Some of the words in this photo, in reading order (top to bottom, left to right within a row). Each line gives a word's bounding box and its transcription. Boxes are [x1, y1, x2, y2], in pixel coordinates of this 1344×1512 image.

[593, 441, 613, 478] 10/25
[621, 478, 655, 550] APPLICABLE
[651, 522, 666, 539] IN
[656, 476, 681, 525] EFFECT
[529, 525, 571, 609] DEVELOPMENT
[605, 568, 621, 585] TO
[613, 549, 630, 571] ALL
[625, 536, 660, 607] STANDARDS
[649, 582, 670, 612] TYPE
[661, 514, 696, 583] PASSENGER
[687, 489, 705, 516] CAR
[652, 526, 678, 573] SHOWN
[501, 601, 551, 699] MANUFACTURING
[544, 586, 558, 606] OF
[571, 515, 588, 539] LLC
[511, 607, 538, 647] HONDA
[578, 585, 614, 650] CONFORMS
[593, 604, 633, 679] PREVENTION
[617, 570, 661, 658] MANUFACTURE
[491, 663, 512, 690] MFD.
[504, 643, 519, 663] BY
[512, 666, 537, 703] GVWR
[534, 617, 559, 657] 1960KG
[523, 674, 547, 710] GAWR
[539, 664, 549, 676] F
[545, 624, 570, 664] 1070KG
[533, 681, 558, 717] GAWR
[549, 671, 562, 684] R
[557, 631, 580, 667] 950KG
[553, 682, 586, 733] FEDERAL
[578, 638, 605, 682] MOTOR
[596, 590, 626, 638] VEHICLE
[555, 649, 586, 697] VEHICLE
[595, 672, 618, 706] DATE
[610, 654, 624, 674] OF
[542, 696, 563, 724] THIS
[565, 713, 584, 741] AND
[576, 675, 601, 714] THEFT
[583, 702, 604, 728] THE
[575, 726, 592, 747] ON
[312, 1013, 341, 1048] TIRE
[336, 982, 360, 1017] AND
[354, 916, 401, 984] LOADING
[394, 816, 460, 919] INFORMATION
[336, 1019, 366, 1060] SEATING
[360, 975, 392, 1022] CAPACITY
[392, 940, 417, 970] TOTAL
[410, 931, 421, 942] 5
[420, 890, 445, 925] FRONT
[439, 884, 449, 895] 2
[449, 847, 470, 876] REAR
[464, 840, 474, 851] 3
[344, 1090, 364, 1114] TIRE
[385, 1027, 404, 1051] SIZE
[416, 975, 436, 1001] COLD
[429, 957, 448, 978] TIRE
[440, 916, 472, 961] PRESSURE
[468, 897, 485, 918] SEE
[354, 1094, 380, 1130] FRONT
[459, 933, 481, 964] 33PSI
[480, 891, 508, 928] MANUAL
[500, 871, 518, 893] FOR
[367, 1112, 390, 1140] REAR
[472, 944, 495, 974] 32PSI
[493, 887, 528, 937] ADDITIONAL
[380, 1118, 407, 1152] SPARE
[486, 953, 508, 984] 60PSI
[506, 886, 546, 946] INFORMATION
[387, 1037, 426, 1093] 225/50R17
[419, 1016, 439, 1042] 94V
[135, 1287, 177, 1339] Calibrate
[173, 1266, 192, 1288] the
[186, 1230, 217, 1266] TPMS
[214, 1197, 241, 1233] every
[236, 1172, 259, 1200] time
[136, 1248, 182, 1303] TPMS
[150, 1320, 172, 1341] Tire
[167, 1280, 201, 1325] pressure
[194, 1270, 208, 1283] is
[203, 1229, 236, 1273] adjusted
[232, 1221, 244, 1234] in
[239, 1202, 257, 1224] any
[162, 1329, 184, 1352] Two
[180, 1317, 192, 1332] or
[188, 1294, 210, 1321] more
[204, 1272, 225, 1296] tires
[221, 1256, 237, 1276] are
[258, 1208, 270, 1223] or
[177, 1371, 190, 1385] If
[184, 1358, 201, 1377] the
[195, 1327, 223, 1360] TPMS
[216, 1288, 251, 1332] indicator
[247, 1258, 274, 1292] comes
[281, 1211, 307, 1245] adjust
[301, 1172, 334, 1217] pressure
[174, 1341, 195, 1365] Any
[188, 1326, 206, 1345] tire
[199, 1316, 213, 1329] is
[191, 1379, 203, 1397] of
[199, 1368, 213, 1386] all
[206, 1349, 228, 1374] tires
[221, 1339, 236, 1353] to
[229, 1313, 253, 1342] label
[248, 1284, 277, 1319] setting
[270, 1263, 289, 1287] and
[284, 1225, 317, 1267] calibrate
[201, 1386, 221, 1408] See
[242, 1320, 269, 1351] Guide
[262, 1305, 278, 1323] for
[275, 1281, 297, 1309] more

§ §

• _WHAT YOU WILL DO_:
Copy out all lines of the listing where the word "FRONT" appears.

• _EXERCISE SOLUTION_:
[420, 890, 445, 925] FRONT
[354, 1094, 380, 1130] FRONT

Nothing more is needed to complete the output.